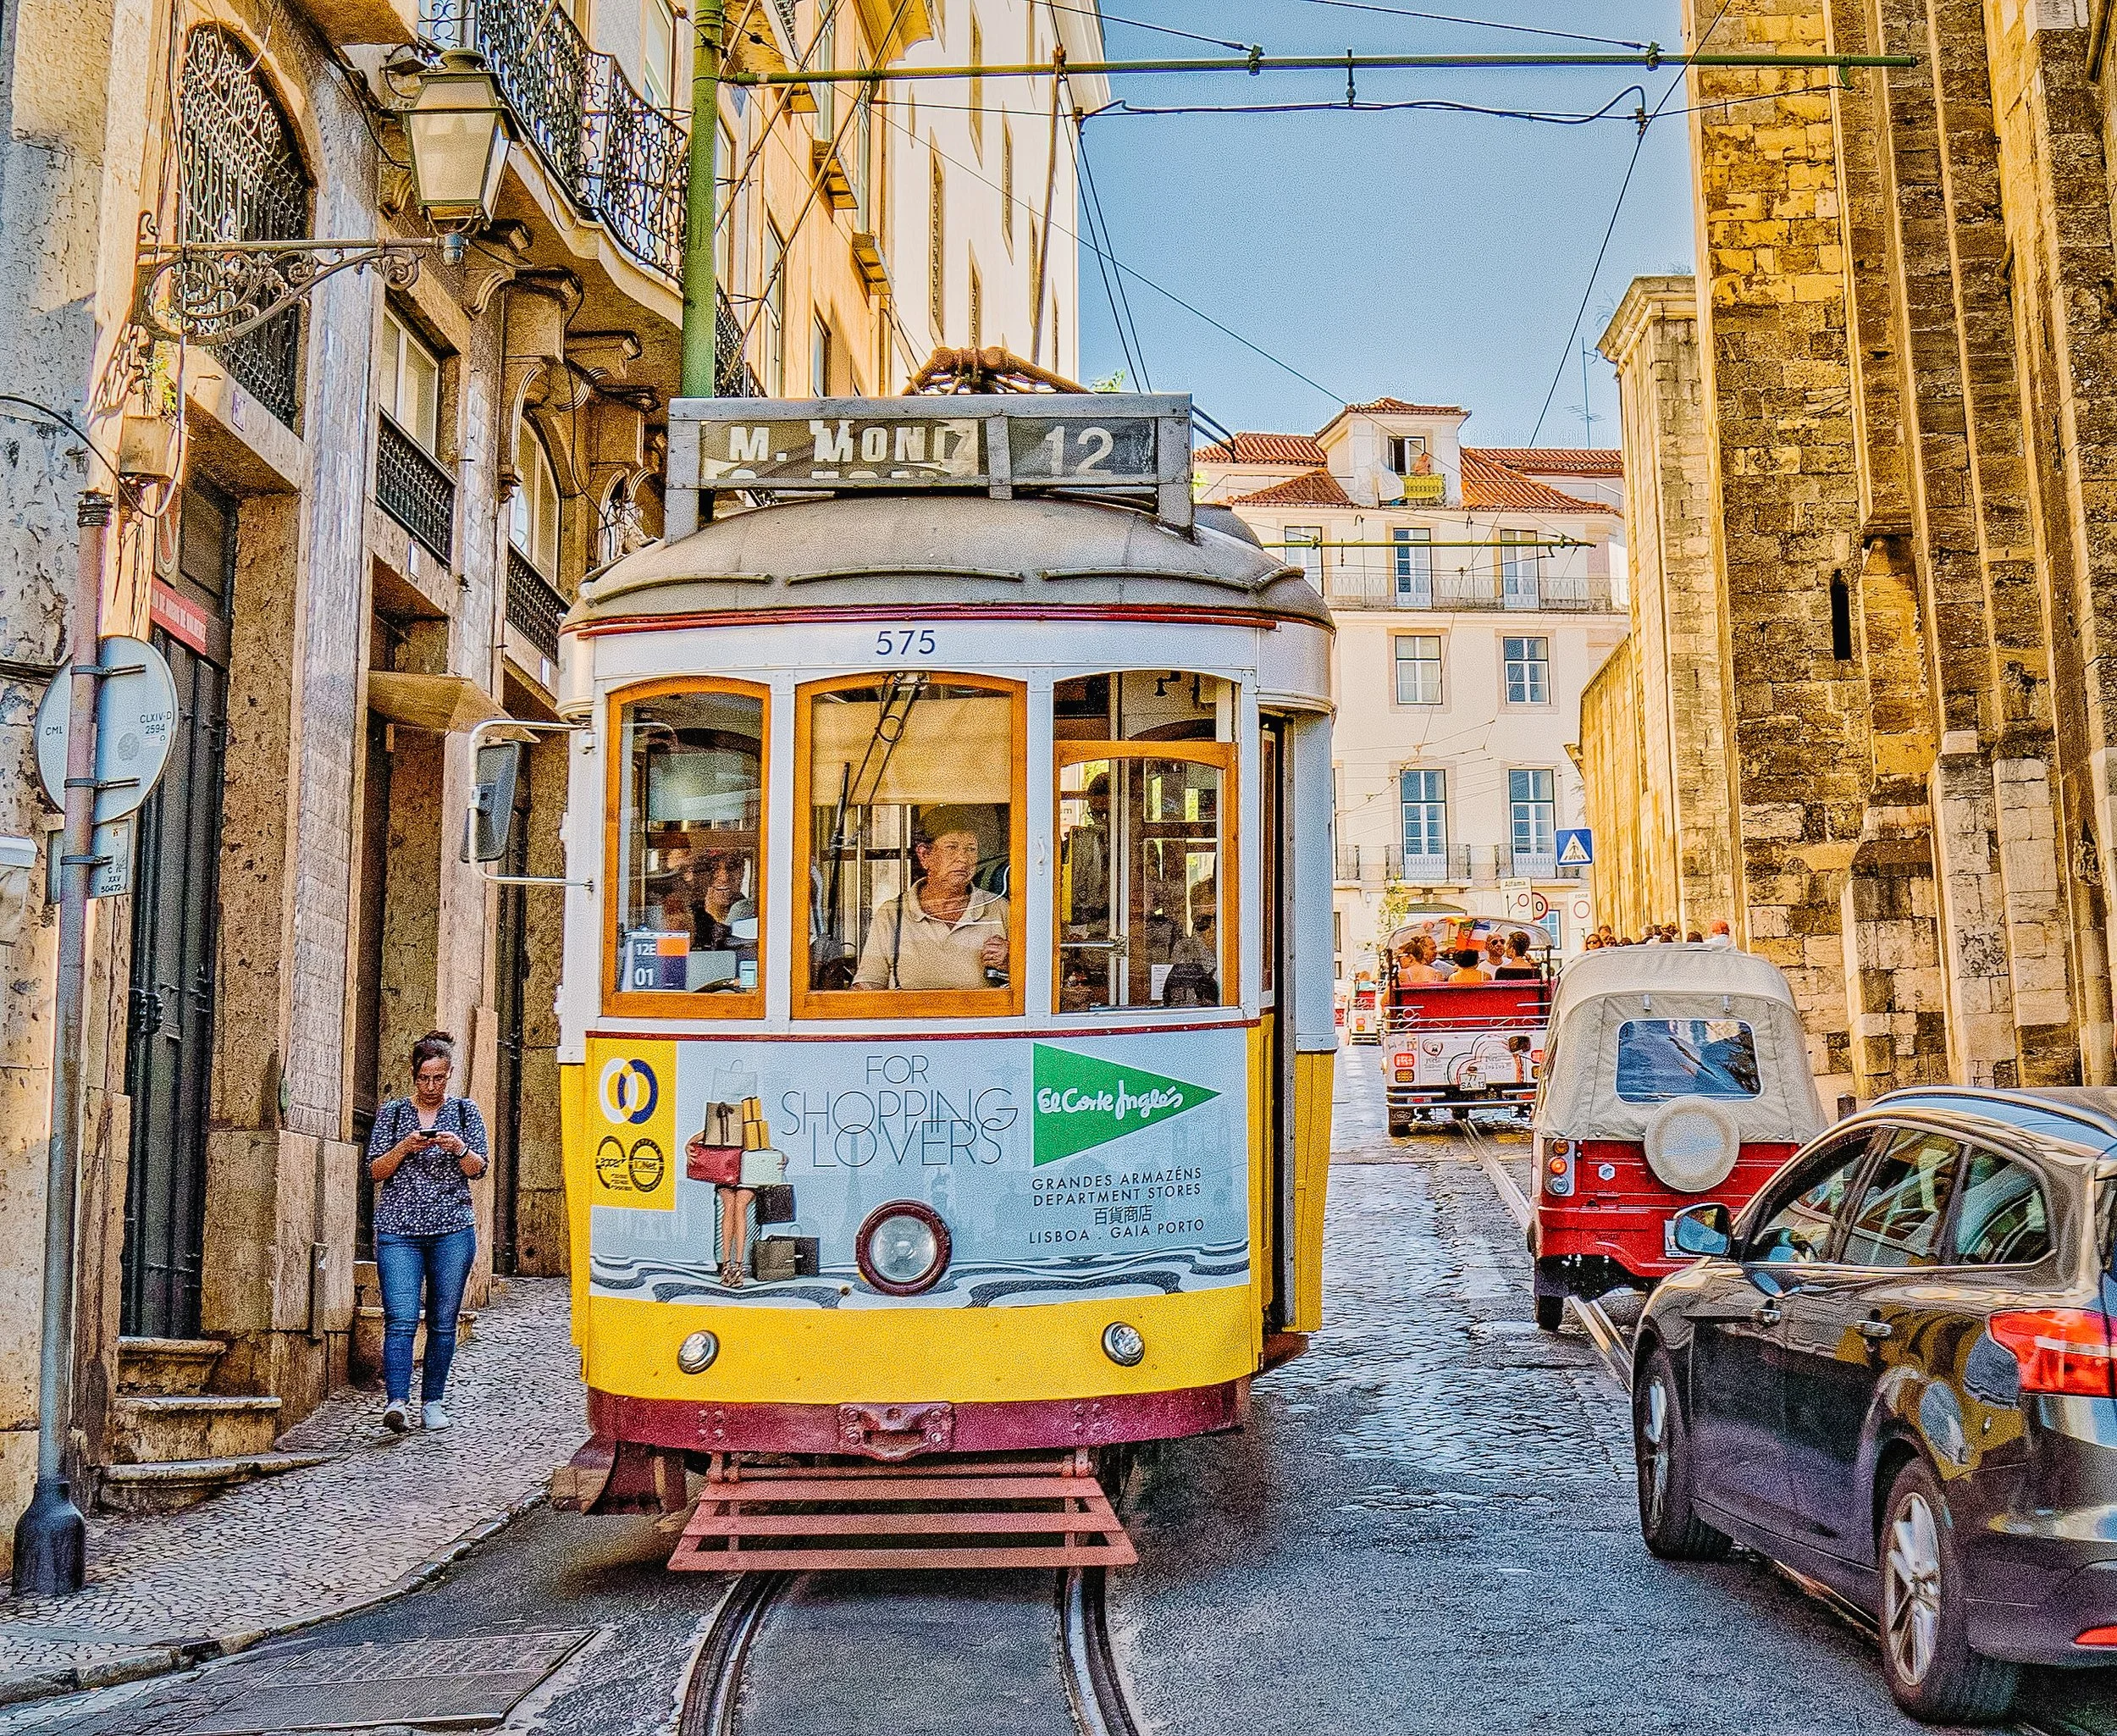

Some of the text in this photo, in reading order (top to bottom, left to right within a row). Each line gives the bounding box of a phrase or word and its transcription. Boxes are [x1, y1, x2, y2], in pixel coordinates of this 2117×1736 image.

[729, 426, 788, 462] M.
[1044, 425, 1114, 476] 12
[875, 630, 937, 655] 575
[46, 726, 64, 735] CML
[636, 943, 656, 955] 12E
[635, 967, 655, 987] 01
[866, 1055, 929, 1085] FOR
[781, 1087, 1019, 1136] SHOPPING
[1036, 1086, 1062, 1114] El
[813, 1118, 1002, 1168] LOVERS
[1032, 1166, 1202, 1191] GRANDES ARMAZÉNS
[1033, 1183, 1201, 1207] DEPARTMENT STORES
[1093, 1204, 1153, 1225] 百貨商店
[1029, 1219, 1204, 1244] LISBOA GAIA PORTO

◆ ACTION ITEM: Copy every record exactly as it appears, apart from any pictures.

◆ ANSWER SPACE:
Some of the text in this photo, in reading order (top to bottom, left to right within a row). Each line gives the bounding box of a phrase or word and its transcription. Boxes are [x1, y1, x2, y2], in pixel coordinates of this 2117×1736 image.

[729, 426, 788, 462] M.
[1044, 425, 1114, 476] 12
[875, 630, 937, 655] 575
[46, 726, 64, 735] CML
[636, 943, 656, 955] 12E
[635, 967, 655, 987] 01
[866, 1055, 929, 1085] FOR
[781, 1087, 1019, 1136] SHOPPING
[1036, 1086, 1062, 1114] El
[813, 1118, 1002, 1168] LOVERS
[1032, 1166, 1202, 1191] GRANDES ARMAZÉNS
[1033, 1183, 1201, 1207] DEPARTMENT STORES
[1093, 1204, 1153, 1225] 百貨商店
[1029, 1219, 1204, 1244] LISBOA GAIA PORTO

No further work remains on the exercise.